In the copy, include no pictures. Reproduce the rest of the entries exactly.

(Image-backed grounding data)

--- START ---

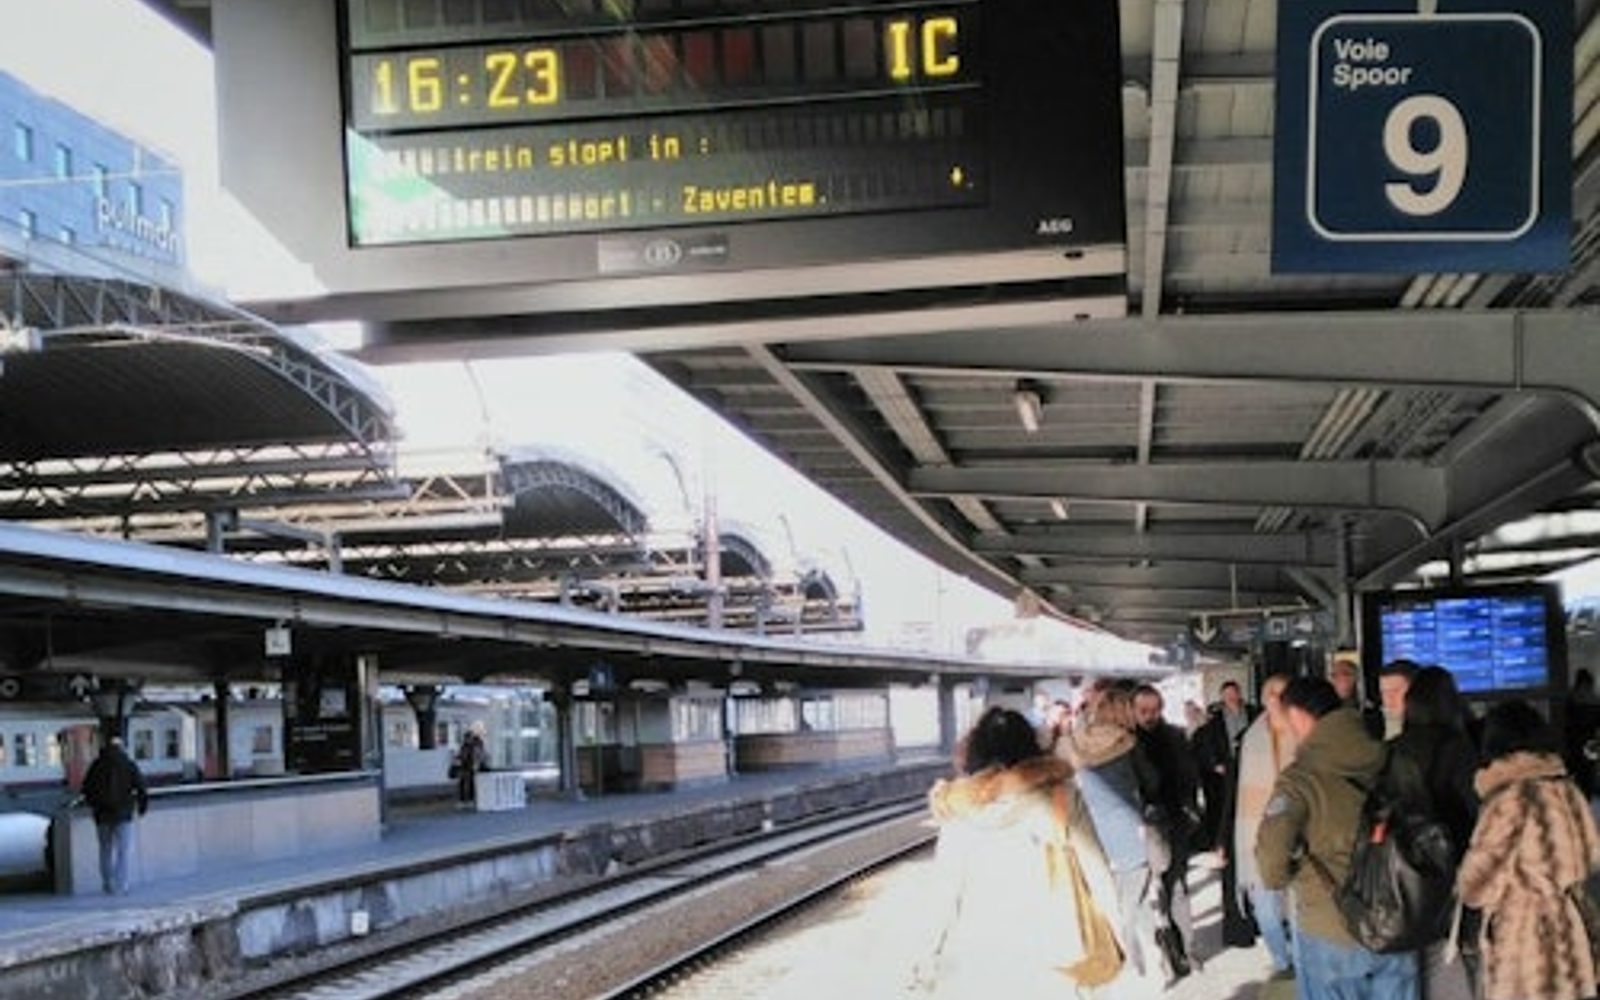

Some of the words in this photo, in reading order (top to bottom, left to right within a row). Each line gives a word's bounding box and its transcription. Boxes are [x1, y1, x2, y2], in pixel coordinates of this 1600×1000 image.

[372, 48, 560, 115] 16:23
[887, 17, 960, 79] IC
[1333, 38, 1390, 60] Voie
[1333, 63, 1413, 90] Spoor
[549, 135, 628, 167] stopt
[650, 133, 681, 161] in
[1383, 94, 1469, 216] 9
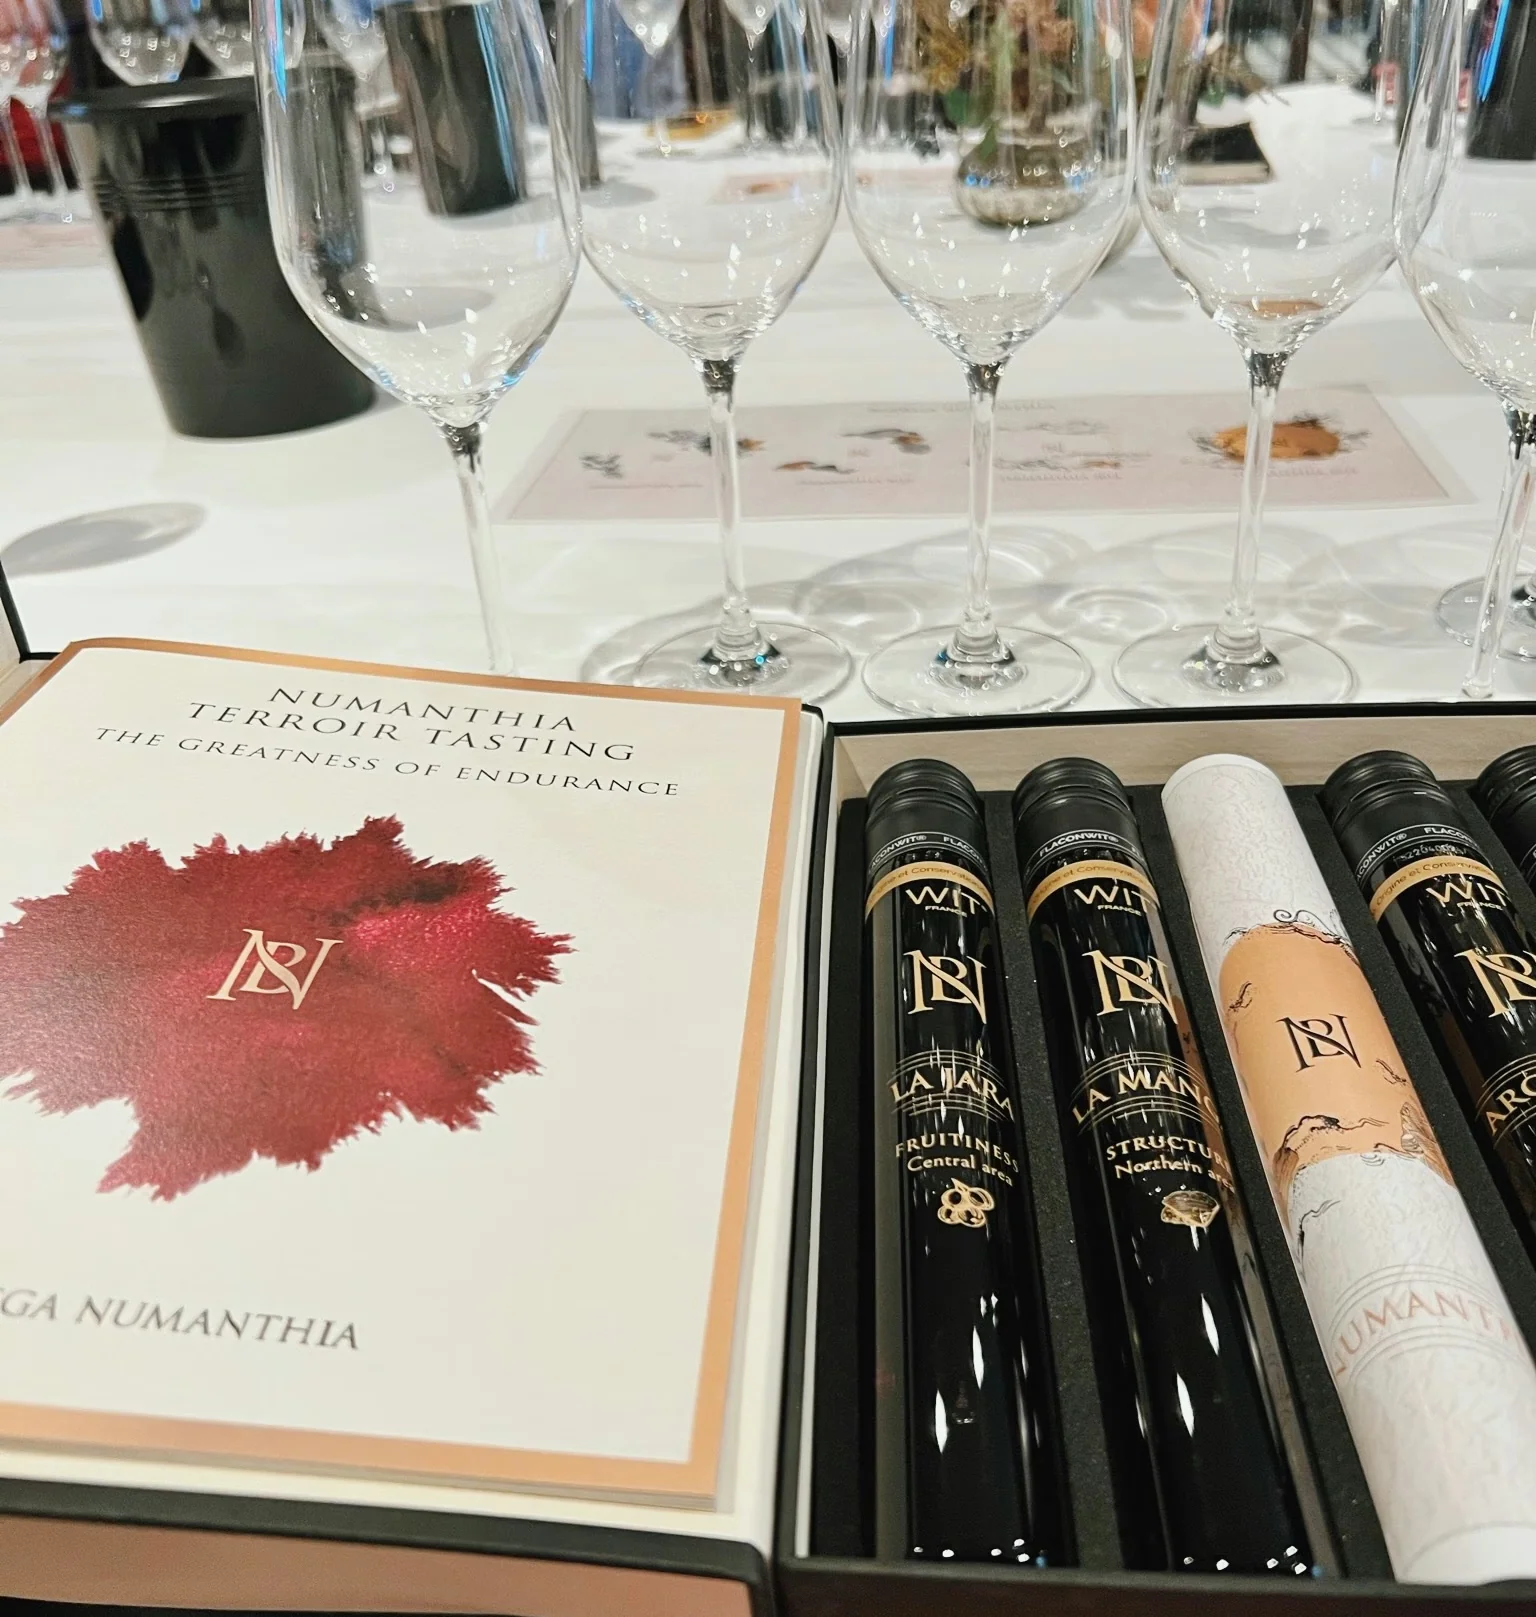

--- END ---

Result for this task »
Some of the words in this photo, in reading order (top to bottom, left to right within a row). Each line gives a word's bounding box and its transcription. Boxes are [x1, y1, x2, y2], in pixel coordinates of this 1600×1000 image.

[372, 48, 560, 115] 16:23
[887, 17, 960, 79] IC
[1333, 38, 1390, 60] Voie
[1333, 63, 1413, 90] Spoor
[549, 135, 628, 167] stopt
[650, 133, 681, 161] in
[1383, 94, 1469, 216] 9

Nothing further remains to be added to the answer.